Who can contest a will in Iowa?
Only an interested party may contest a will in the Hawkeye State. By definition, an interested party stands to lose or gain property, assets or something of value should a will be carried out as written. More likely than not, this definition would grant the following parties the right to contest a will:
- Current or former spouses
Nonetheless, non-familial parties can qualify as interested parties, which would include creditors.
If you qualify for contesting a will, you must cite and prove one of several legal grounds. Two of the most commonly-cited include:
What is undue influence in will contests?
If an interested party suspects a relative, friend or even a healthcare provider influenced a testator into changing the terms of his or her will, the interested party may contest on the grounds of undue influence.

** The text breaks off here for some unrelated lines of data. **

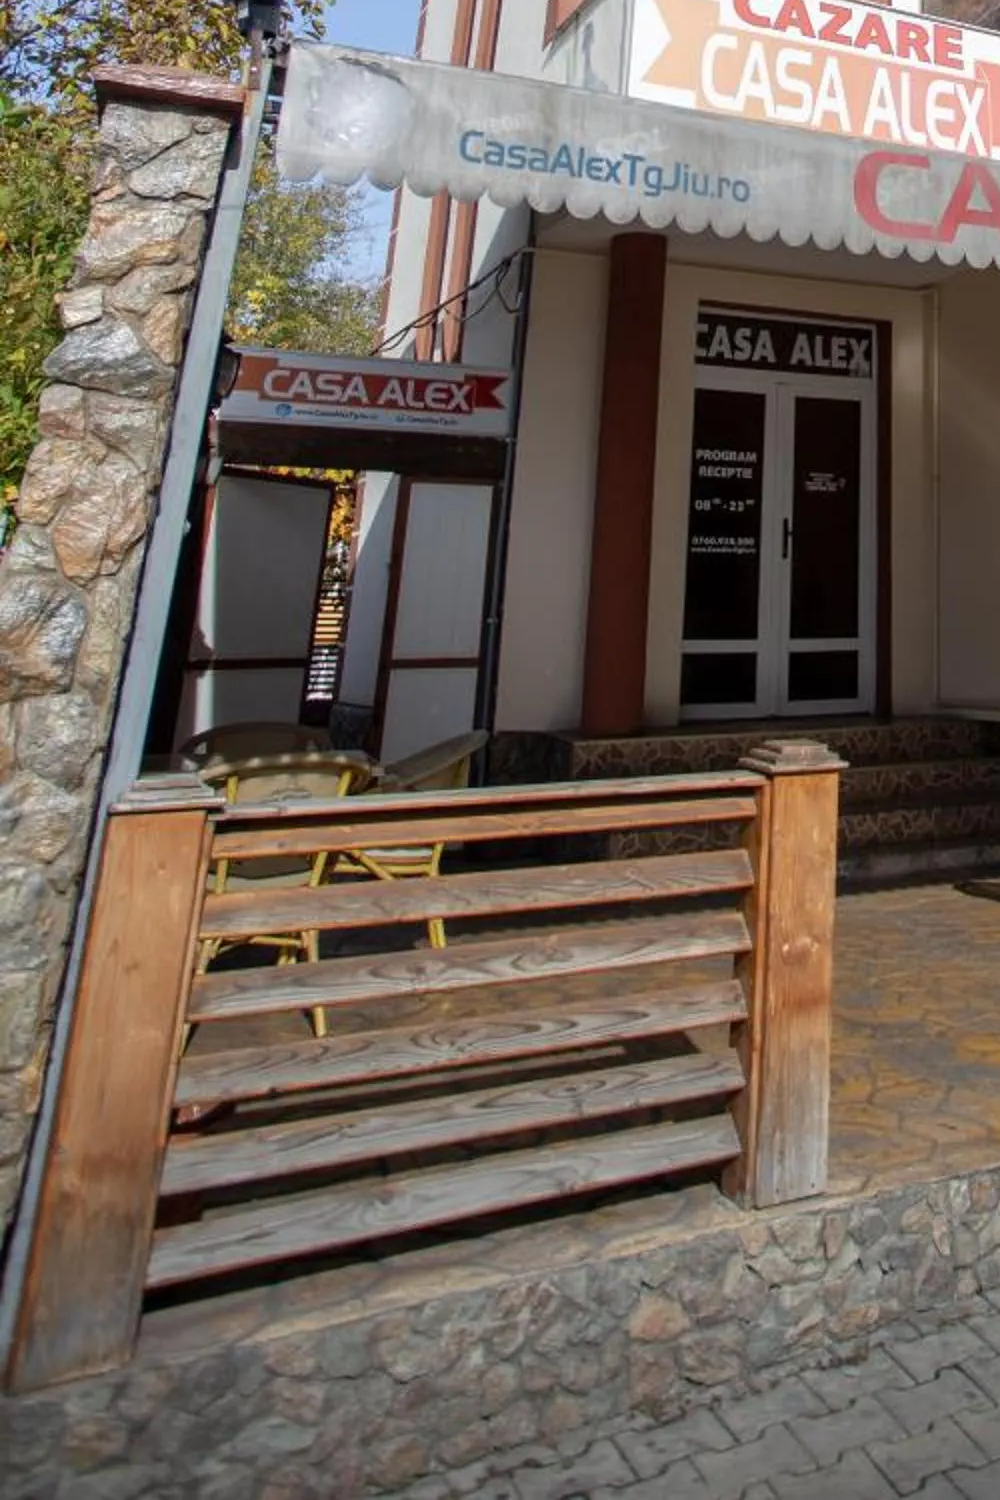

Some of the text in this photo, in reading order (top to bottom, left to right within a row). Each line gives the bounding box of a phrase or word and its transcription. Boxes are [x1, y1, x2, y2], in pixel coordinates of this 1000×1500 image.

[700, 33, 988, 156] CASA ALEX
[459, 129, 751, 203] CasaAlexTgJiu.ro
[695, 323, 870, 371] CASA ALEX
[263, 368, 472, 412] CASA ALEX
[695, 449, 758, 463] PROGRAM

What is lack of capacity in will contests?
If an interested party suspects a testator did have the mental capacity to execute a valid will, the interested party may contest the document and terms. For a will to be legally valid in Iowa, a testator needs to:
- Know they are making a will
- Understand the type and value of their property
- Identify their natural heirs
- Understand how they want to distribute their property
Old age, memory problems and diagnoses like dementia or Alzheimer’s do not automatically establish a lack of testamentary. Instead, the interested party must prove it without a doubt in court.
What is the process for contesting a will in Iowa?
When an interested party wishes to contest a will in the Hawkeye State, they must first file a complaint with the probate court. The executor of the estate in question will be notified and they will have the opportunity to defend the will in question in a trial. After hearing both sides of the contest, a probate judge will deliver his or her verdict.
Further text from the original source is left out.